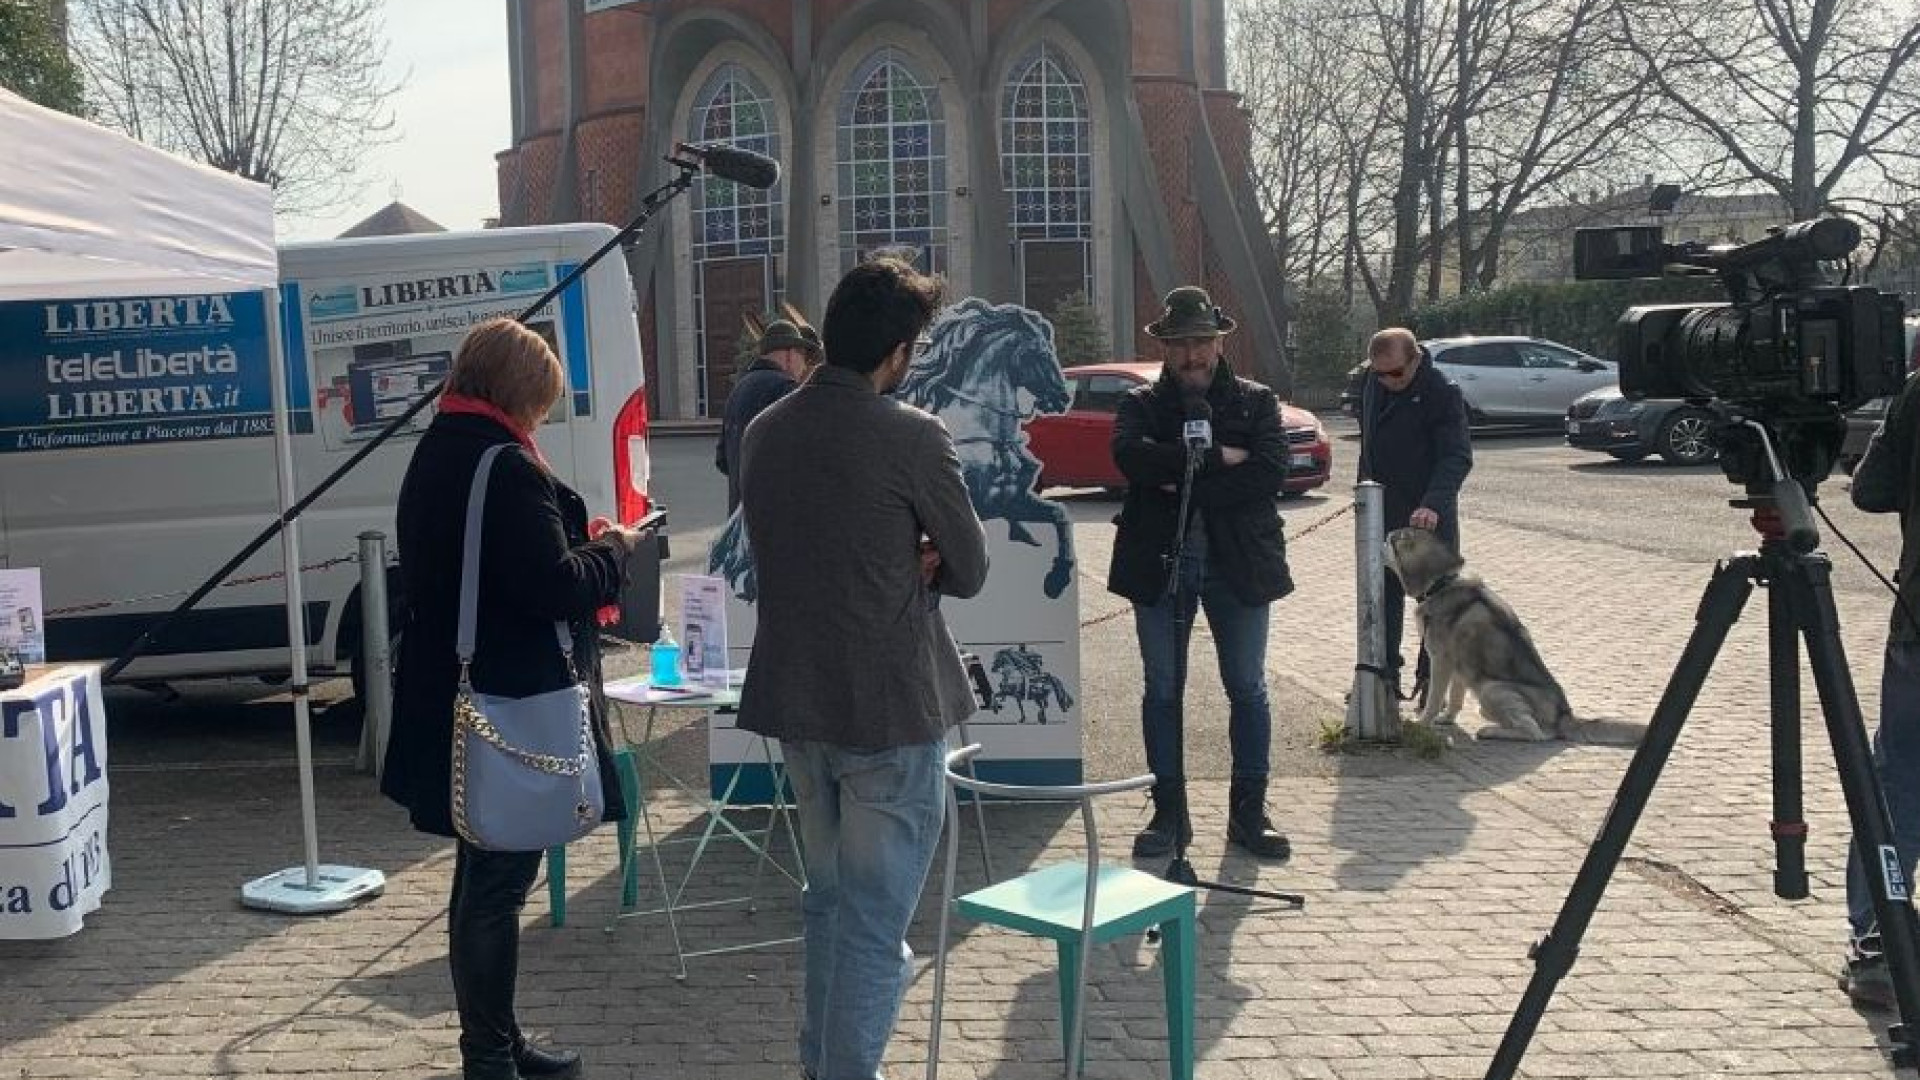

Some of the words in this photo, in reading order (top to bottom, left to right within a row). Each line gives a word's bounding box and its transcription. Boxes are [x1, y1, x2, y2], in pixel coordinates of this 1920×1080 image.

[311, 328, 355, 346] Unisce
[426, 311, 466, 331] unisce
[46, 343, 238, 383] teleLibertà
[17, 430, 129, 449] L'informazione
[131, 430, 142, 443] a
[145, 425, 211, 439] Piacenza
[213, 419, 238, 434] dal
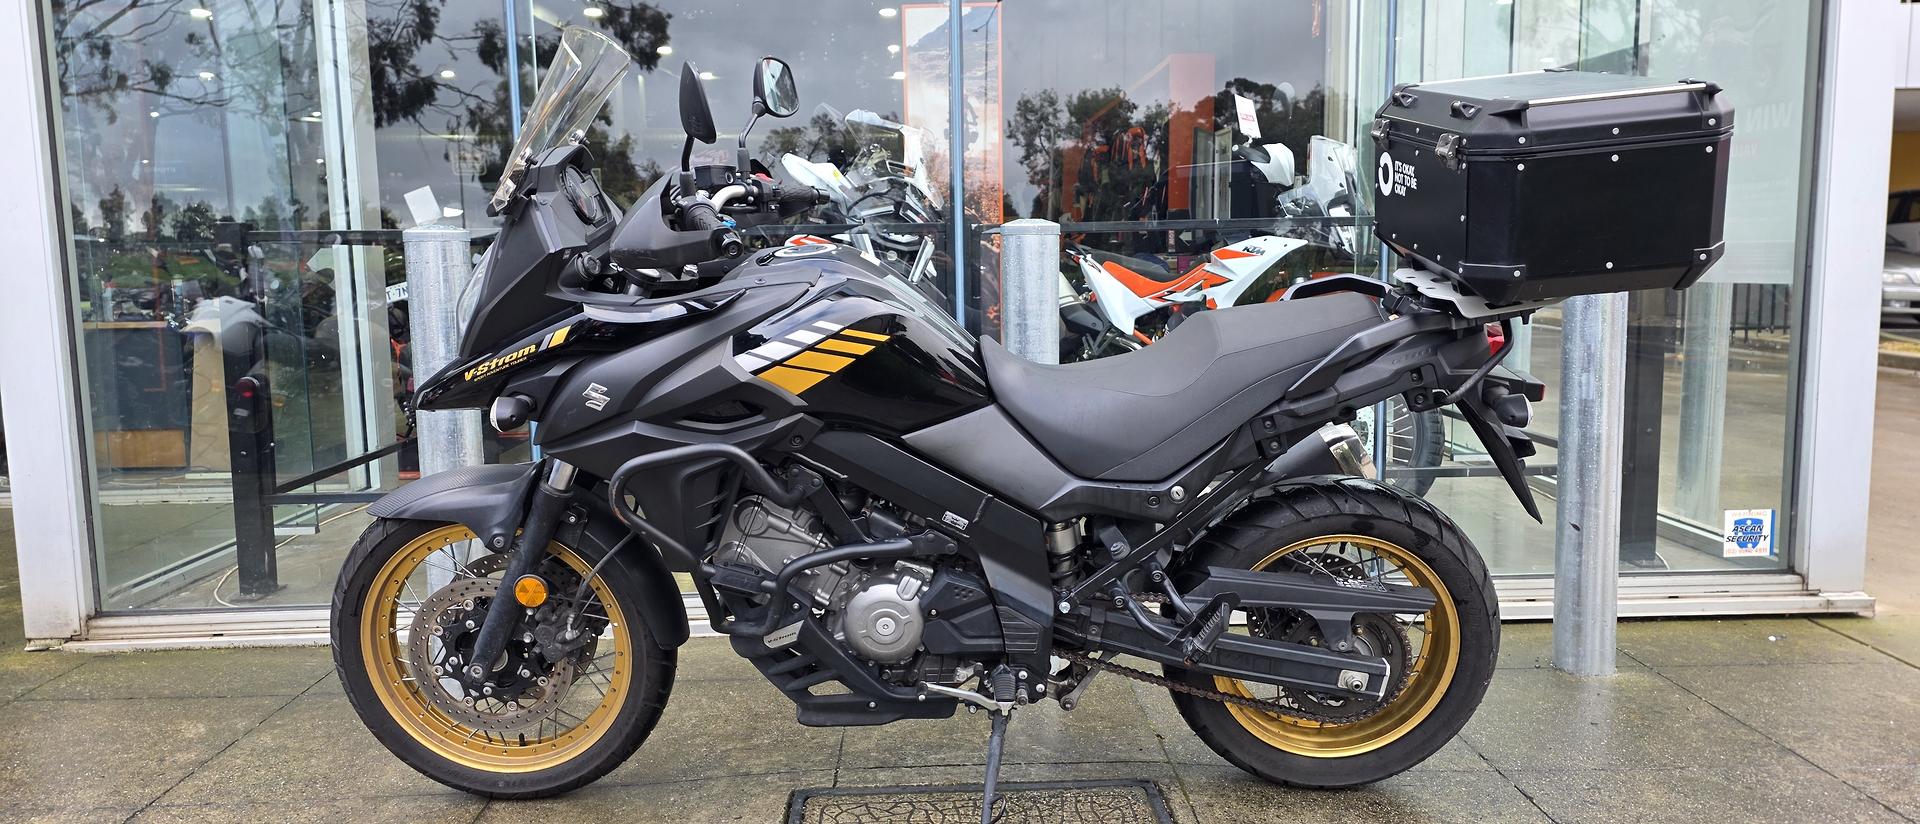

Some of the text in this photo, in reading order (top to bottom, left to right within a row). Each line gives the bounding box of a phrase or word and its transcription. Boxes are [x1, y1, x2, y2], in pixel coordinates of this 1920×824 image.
***
**EXERCISE INSTRUCTIONS**
All of the material above must be retyped exactly, line for line, with the images dropped.

**ANSWER FOR THIS EXERCISE**
Some of the words in this photo, in reading order (top to bottom, left to right within a row). Each line gives a word's bounding box and its transcription. Boxes are [x1, y1, x2, y2], in pixel coordinates of this 1920×1080 image.

[311, 328, 355, 346] Unisce
[426, 311, 466, 331] unisce
[46, 343, 238, 383] teleLibertà
[17, 430, 129, 449] L'informazione
[131, 430, 142, 443] a
[145, 425, 211, 439] Piacenza
[213, 419, 238, 434] dal

Some of the text in this photo, in reading order (top to bottom, left to right within a row). Each line gives the bounding box of a phrase or word and its transcription. Boxes are [x1, y1, x2, y2], in pixel coordinates of this 1920×824 image.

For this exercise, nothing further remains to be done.